-- What is being asked --
Please set down each record exactly as it appears, but leave out any pictures.

Source records:
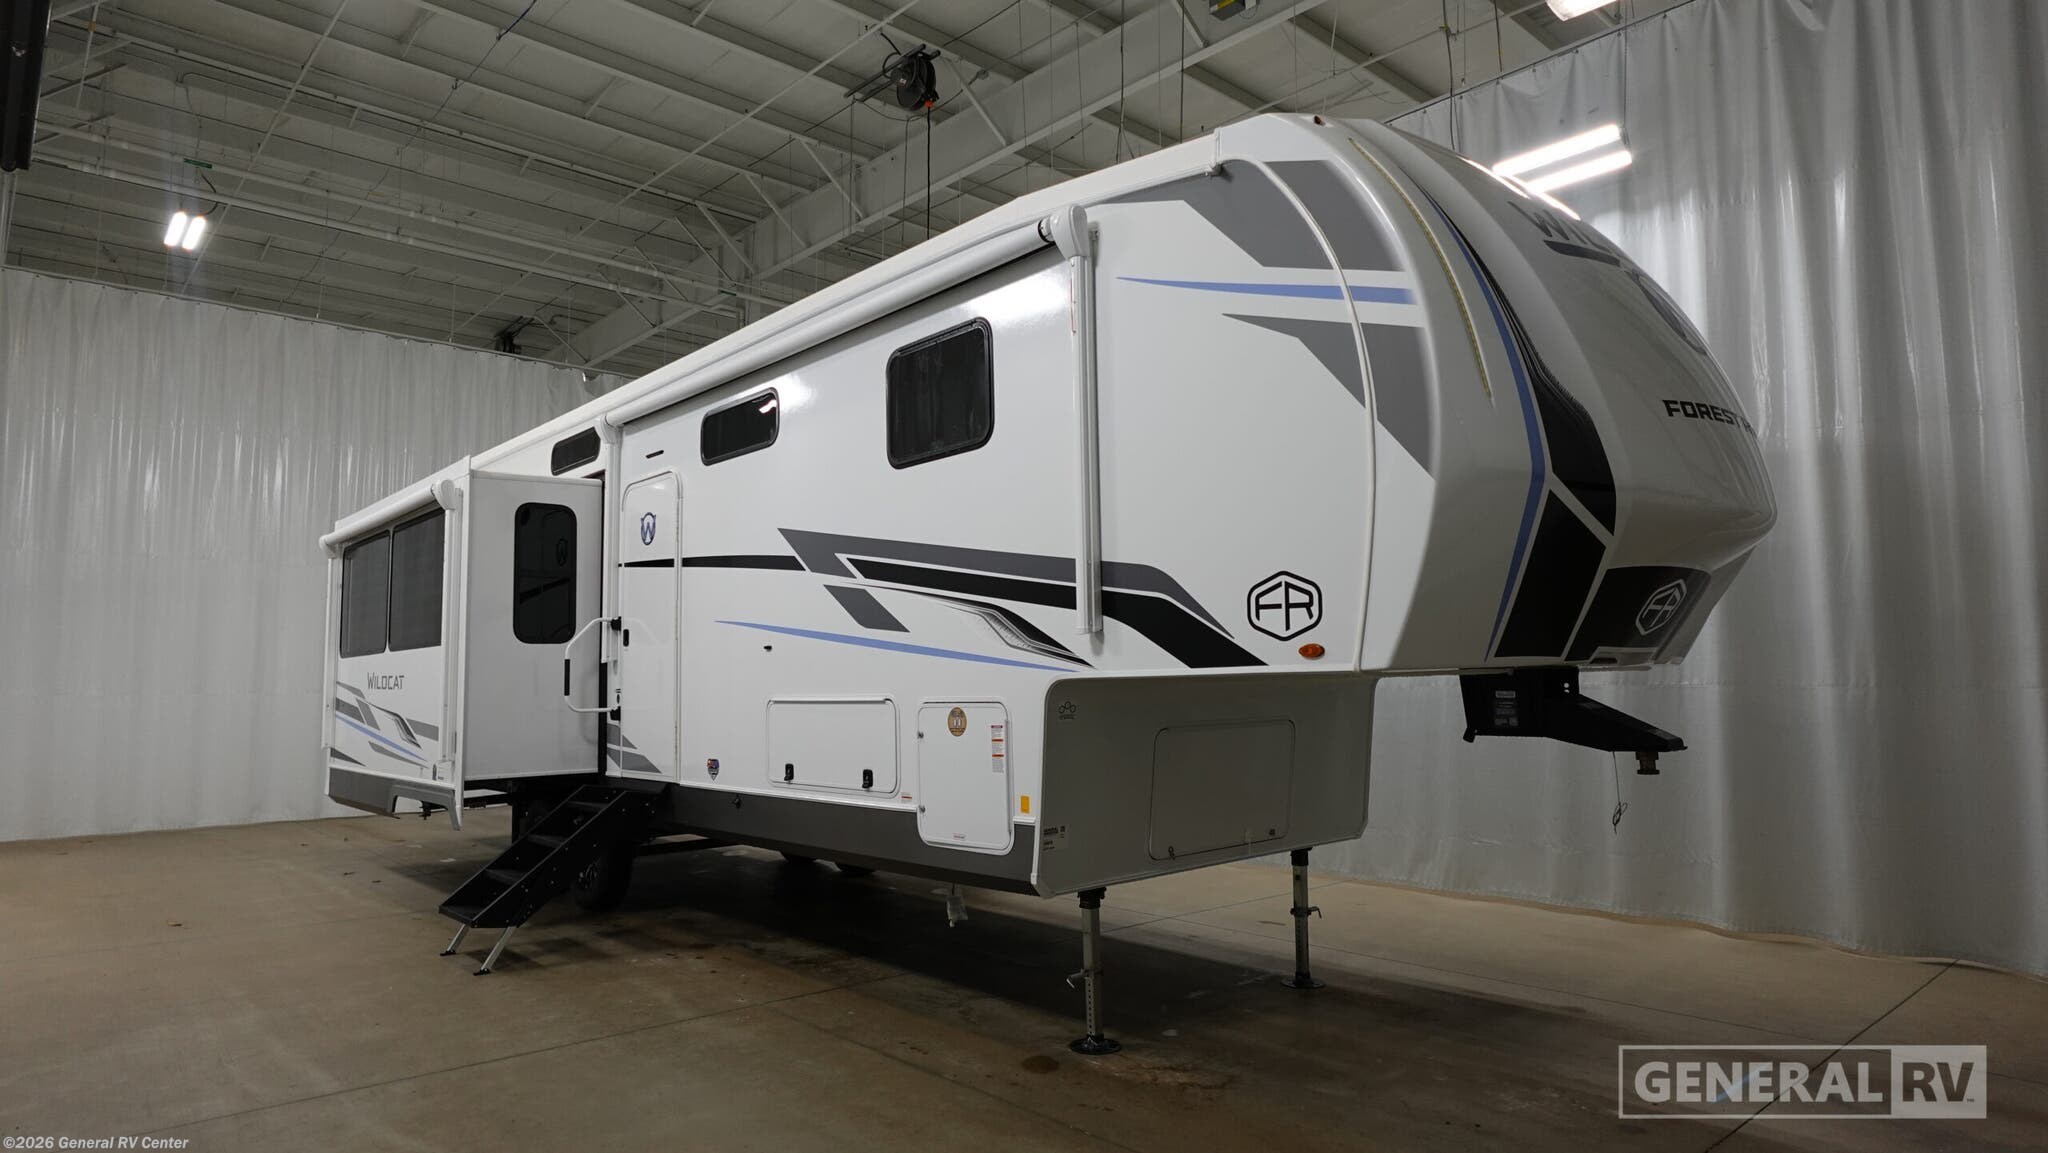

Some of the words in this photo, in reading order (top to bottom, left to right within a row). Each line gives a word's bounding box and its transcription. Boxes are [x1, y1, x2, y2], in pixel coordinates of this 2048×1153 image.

[1662, 400, 1741, 428] FOREST
[1255, 580, 1314, 631] FR
[367, 672, 405, 690] WILDCAT
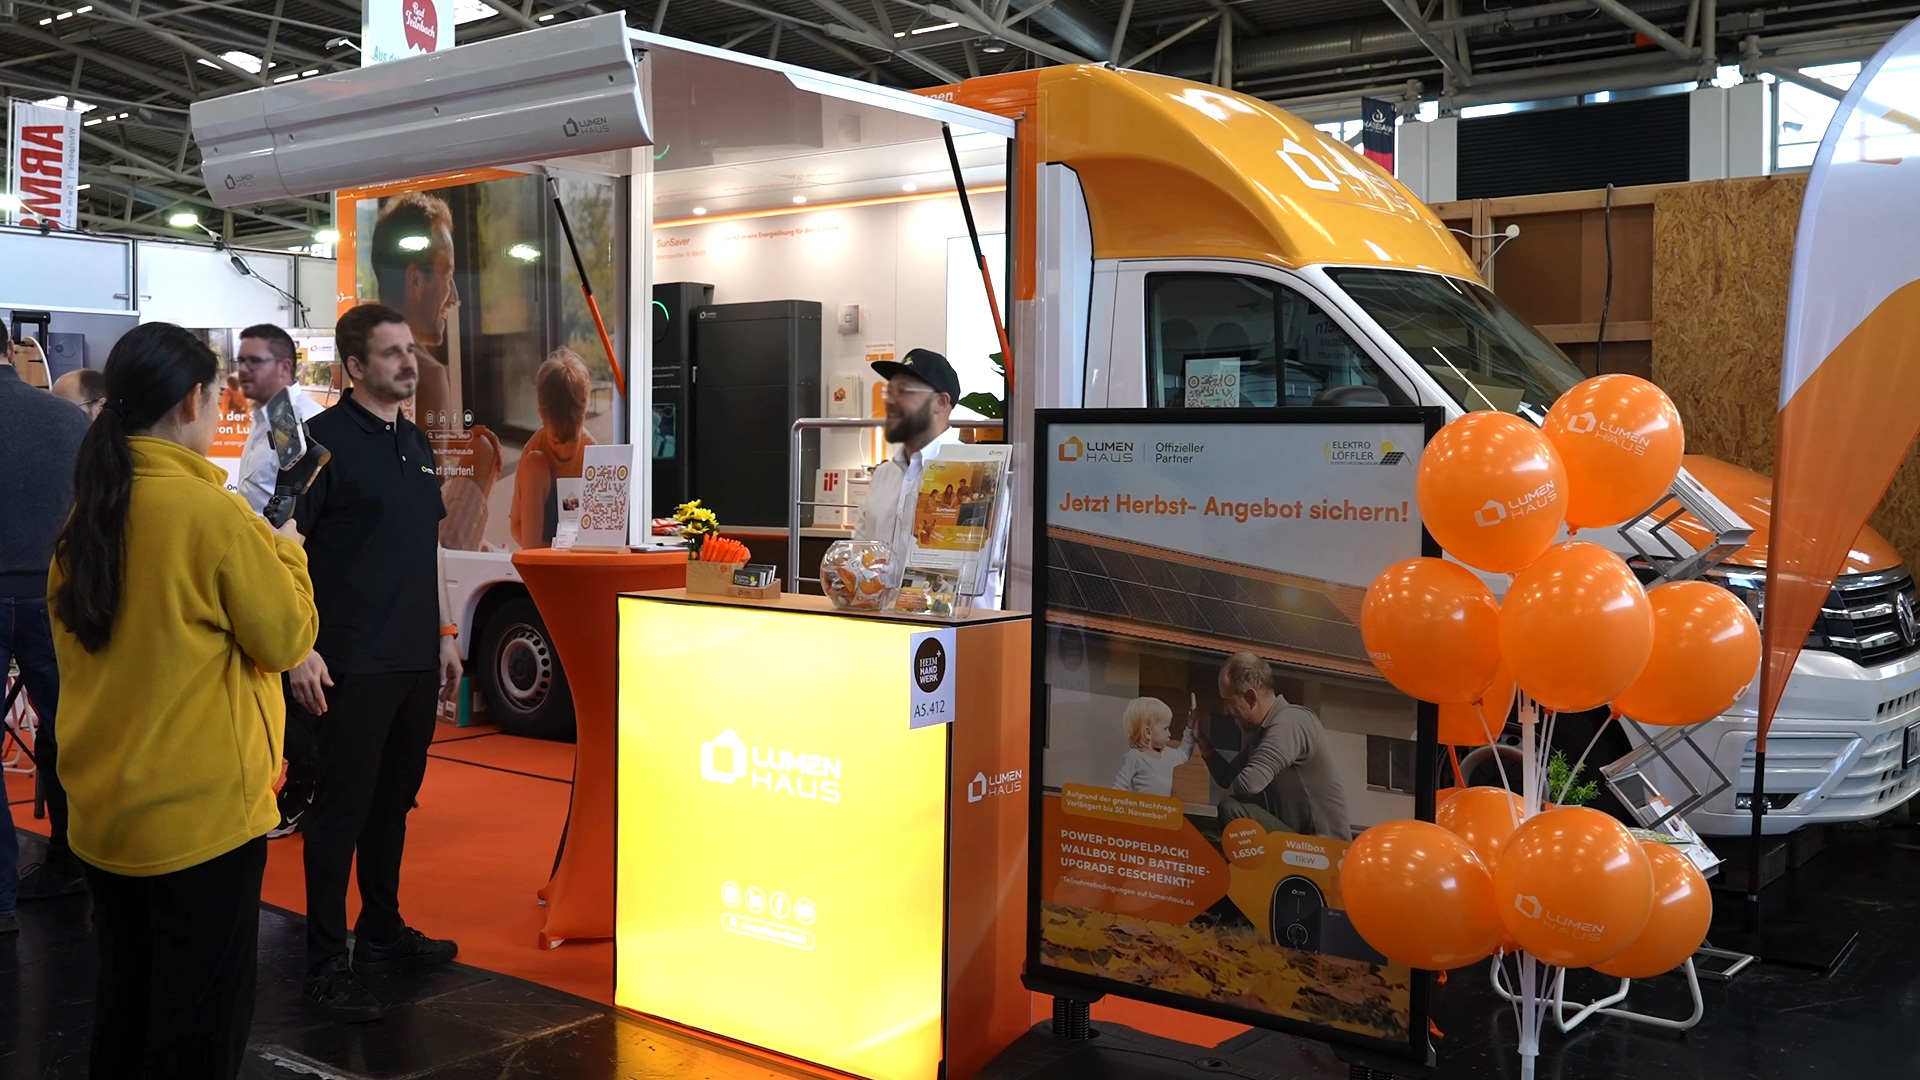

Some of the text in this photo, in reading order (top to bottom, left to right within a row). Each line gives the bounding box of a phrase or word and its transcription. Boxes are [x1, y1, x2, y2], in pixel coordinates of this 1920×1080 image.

-- Exercise solution --
Some of the words in this photo, in reading order (top to bottom, left to right within a row). Each line gives a word's bounding box and its transcription. Boxes are [x1, y1, x2, y2], in pixel coordinates of this 2048×1153 image.

[1662, 400, 1741, 428] FOREST
[1255, 580, 1314, 631] FR
[367, 672, 405, 690] WILDCAT

Some of the text in this photo, in reading order (top to bottom, left to right within a row). Each line gives the bounding box of a phrase or word and its transcription. Boxes are [x1, y1, x2, y2], in pixel coordinates of this 1920×1080 image.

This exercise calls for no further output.